### Data provided:
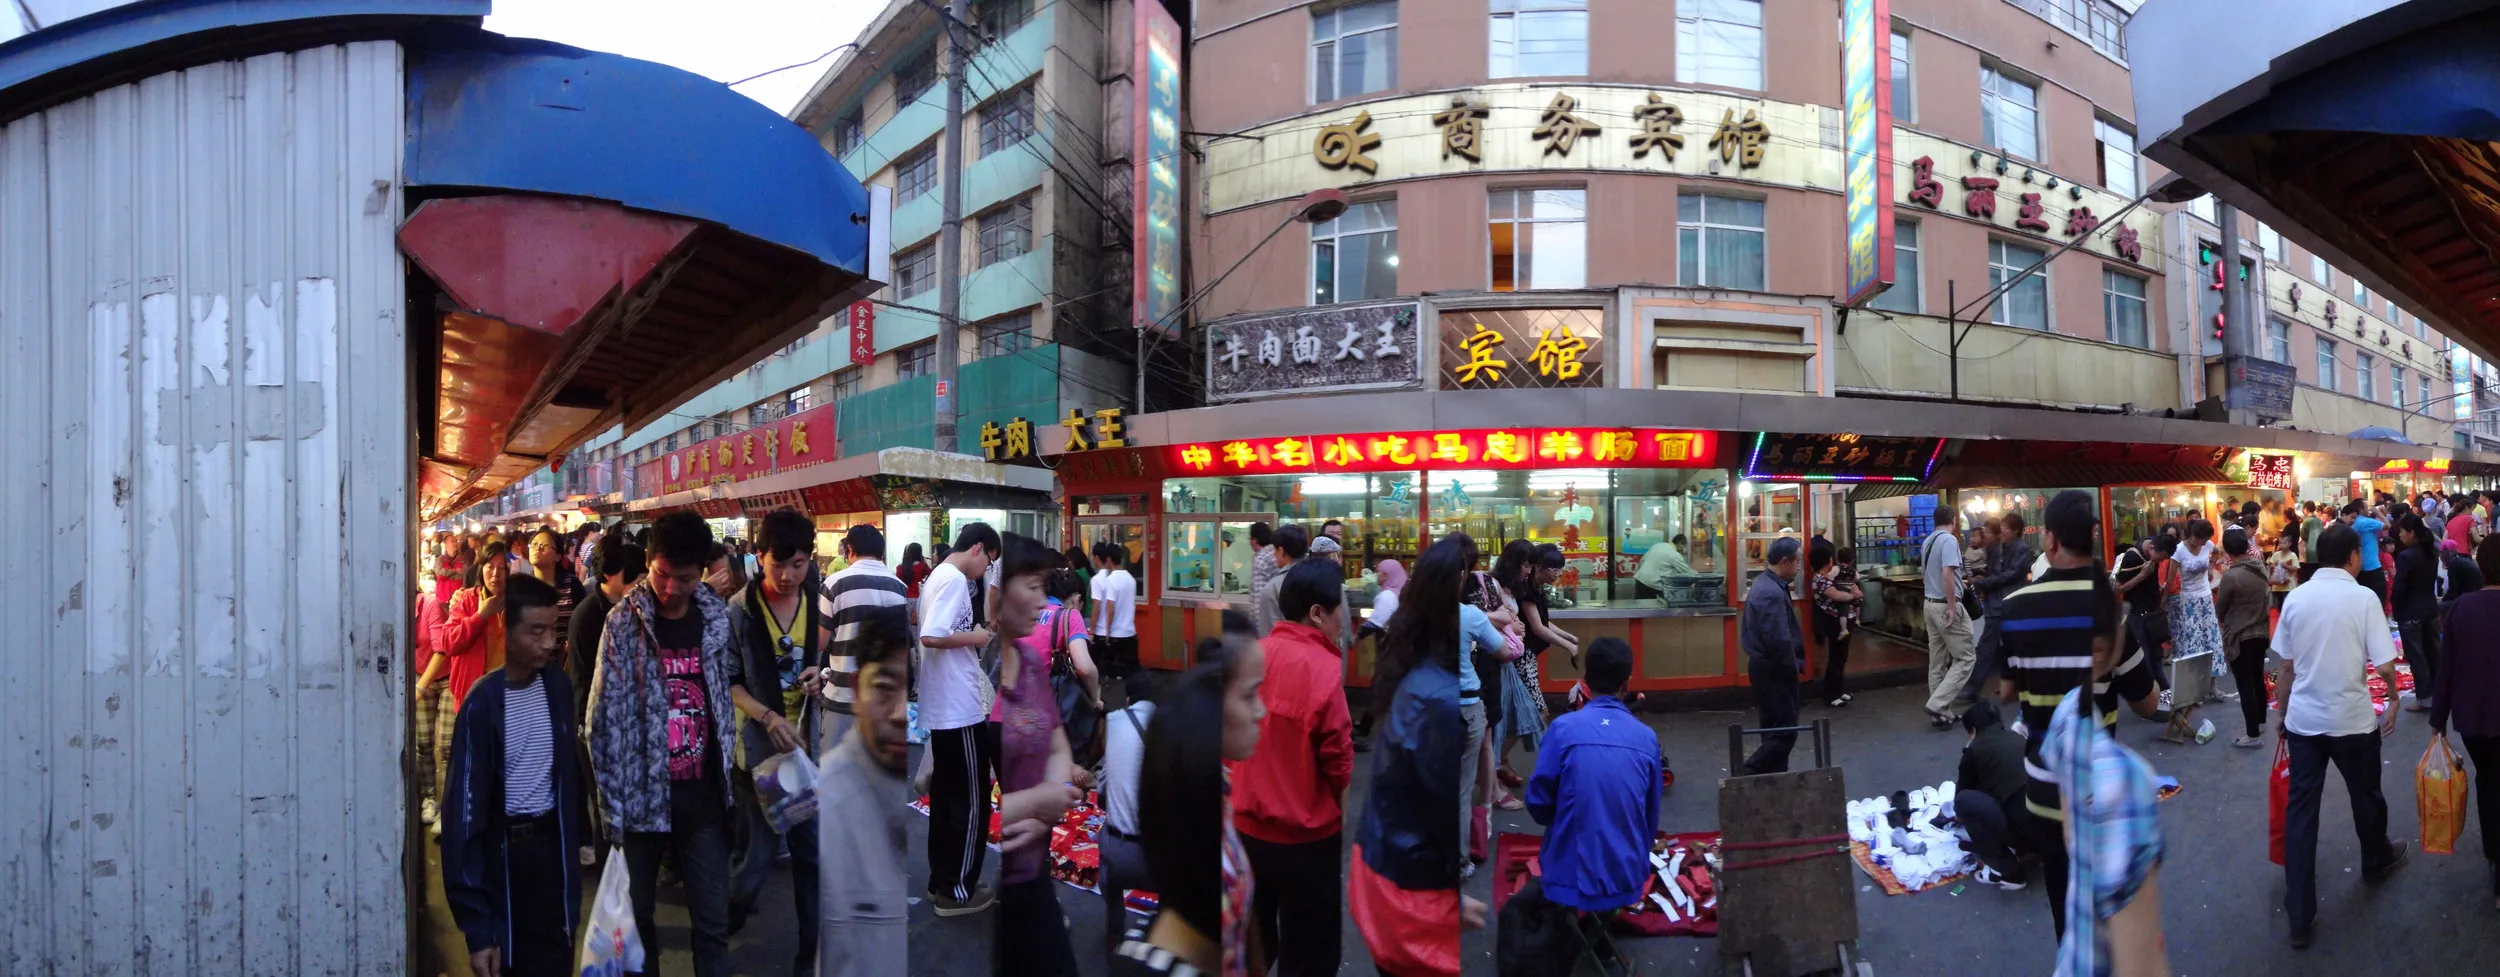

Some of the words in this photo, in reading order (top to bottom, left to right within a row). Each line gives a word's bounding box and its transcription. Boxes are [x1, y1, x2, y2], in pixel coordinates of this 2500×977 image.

[1432, 90, 1771, 168] 商务宾馆
[1219, 320, 1402, 374] 牛肉面大王
[1454, 322, 1588, 383] 宾馆
[980, 416, 1031, 460] 牛肉
[1062, 407, 1126, 451] 大王
[2248, 471, 2291, 489] 阿拉伯烤肉
[2250, 455, 2291, 473] 马忠
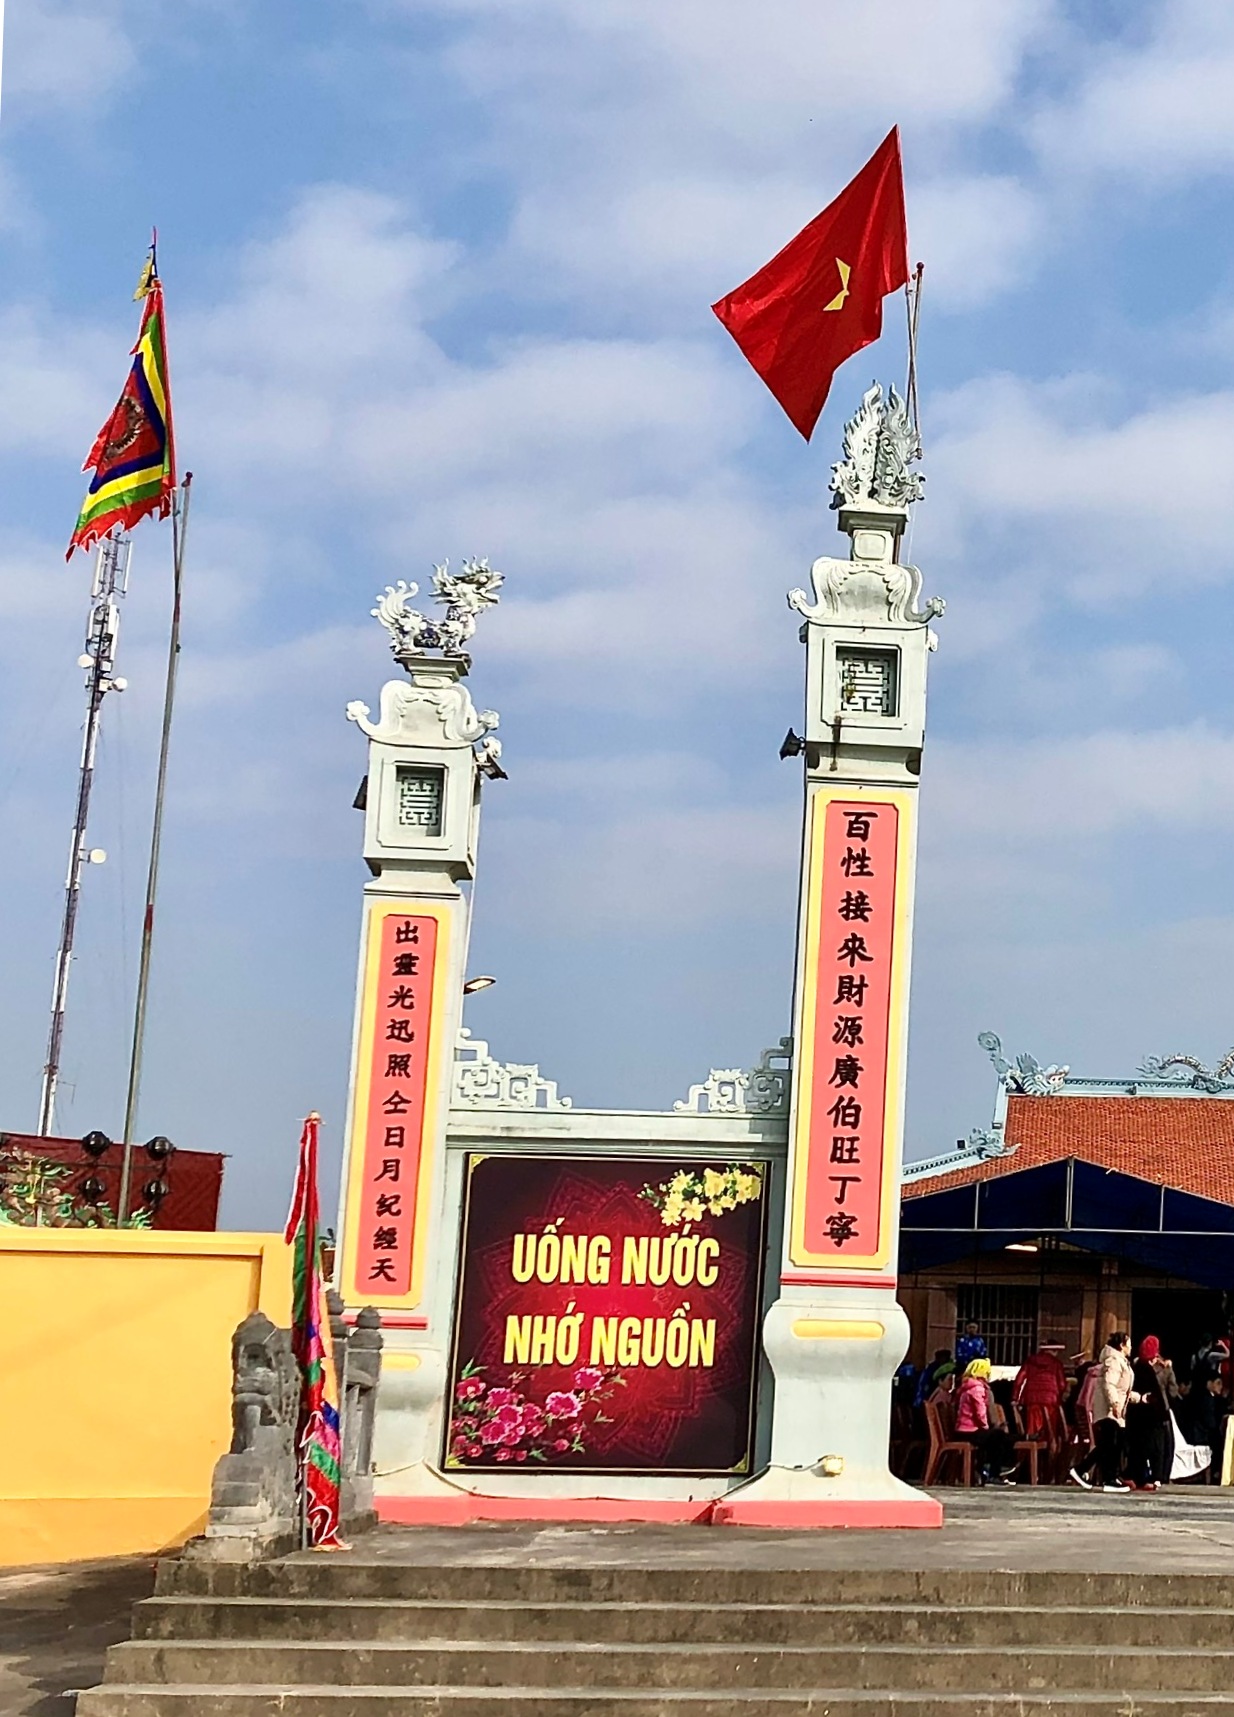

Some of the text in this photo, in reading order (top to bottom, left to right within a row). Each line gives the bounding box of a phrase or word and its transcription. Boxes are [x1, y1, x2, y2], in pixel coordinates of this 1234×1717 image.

[513, 1218, 719, 1286] UỐNG NƯỚC
[504, 1302, 716, 1367] NHỚ NGUỒN
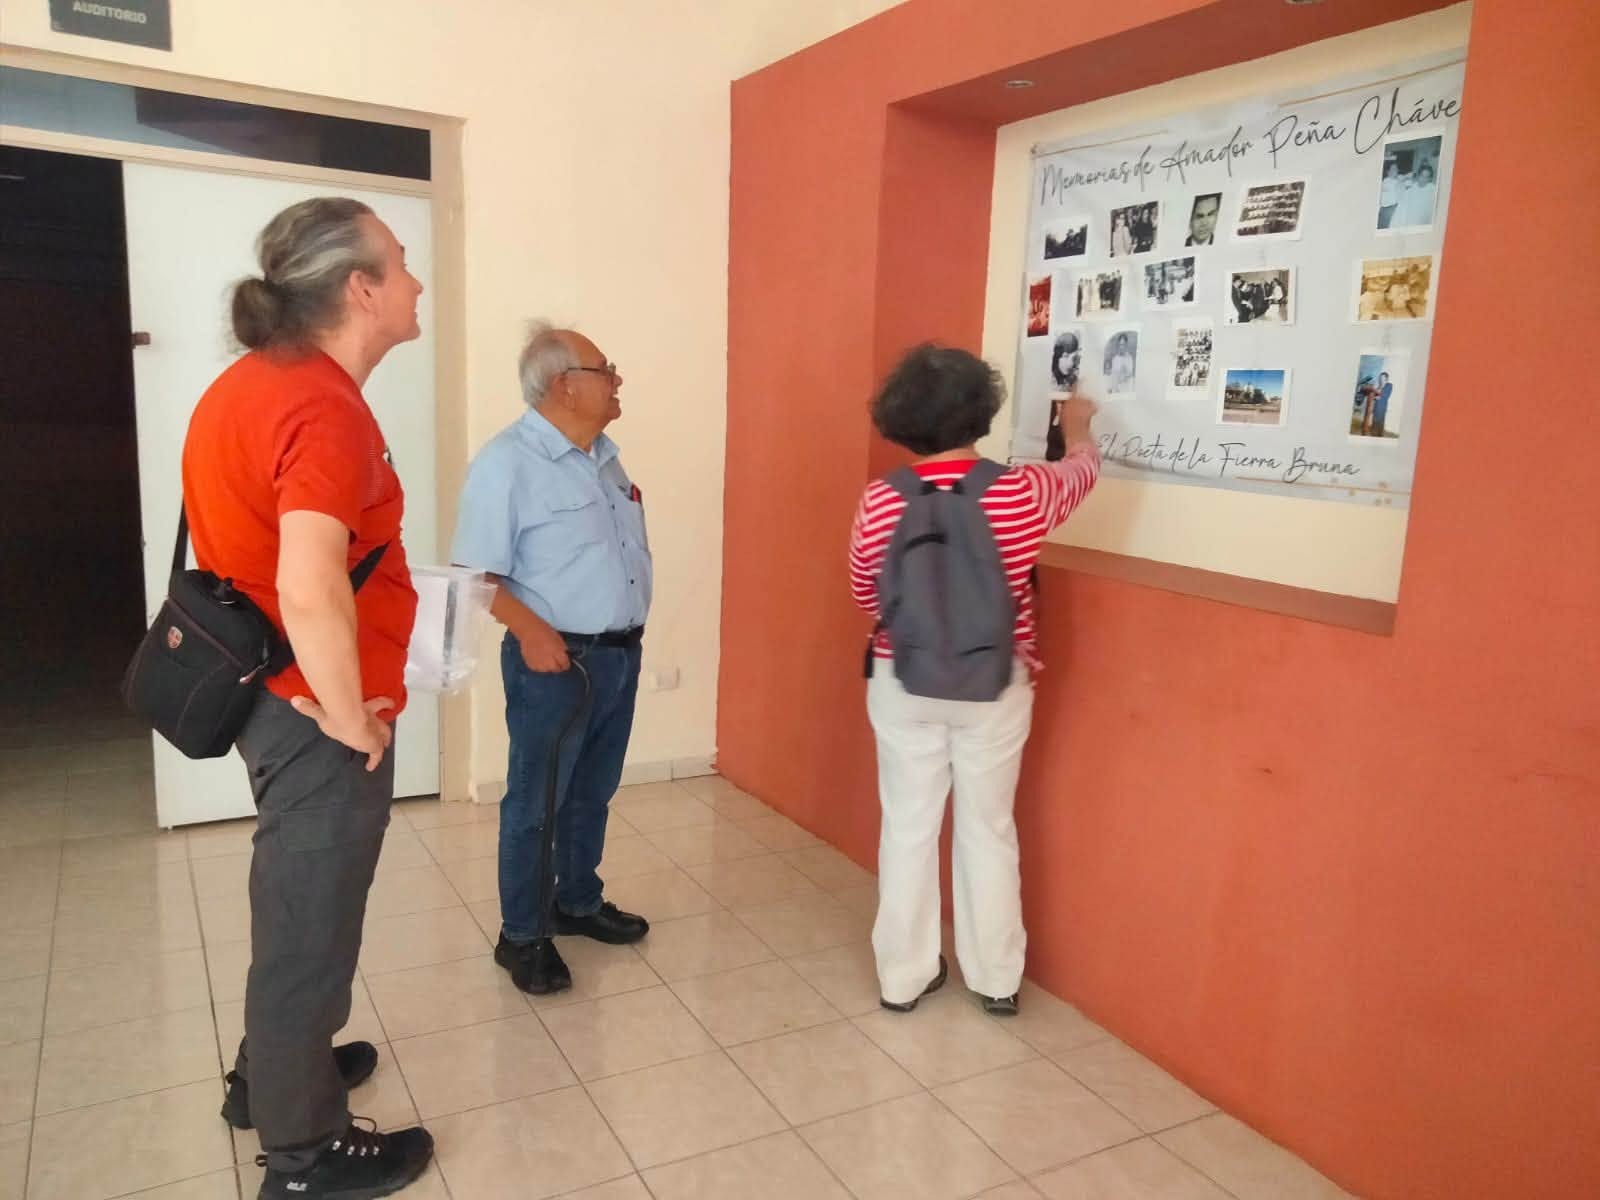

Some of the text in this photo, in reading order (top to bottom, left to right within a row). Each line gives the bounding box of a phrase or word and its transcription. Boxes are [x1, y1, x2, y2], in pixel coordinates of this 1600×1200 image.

[72, 1, 147, 24] AUDITORIO
[1159, 125, 1253, 184] Amador
[1263, 115, 1346, 168] Peña
[1354, 87, 1462, 155] Cháve

### Your assignment:
Each line from the one containing "this 1600×1200 image." down to the final line of the listing must appear in the answer exactly as written, and no other line may.

### Problem solution:
Some of the text in this photo, in reading order (top to bottom, left to right within a row). Each line gives the bounding box of a phrase or word and its transcription. Boxes are [x1, y1, x2, y2], in pixel coordinates of this 1600×1200 image.

[72, 1, 147, 24] AUDITORIO
[1159, 125, 1253, 184] Amador
[1263, 115, 1346, 168] Peña
[1354, 87, 1462, 155] Cháve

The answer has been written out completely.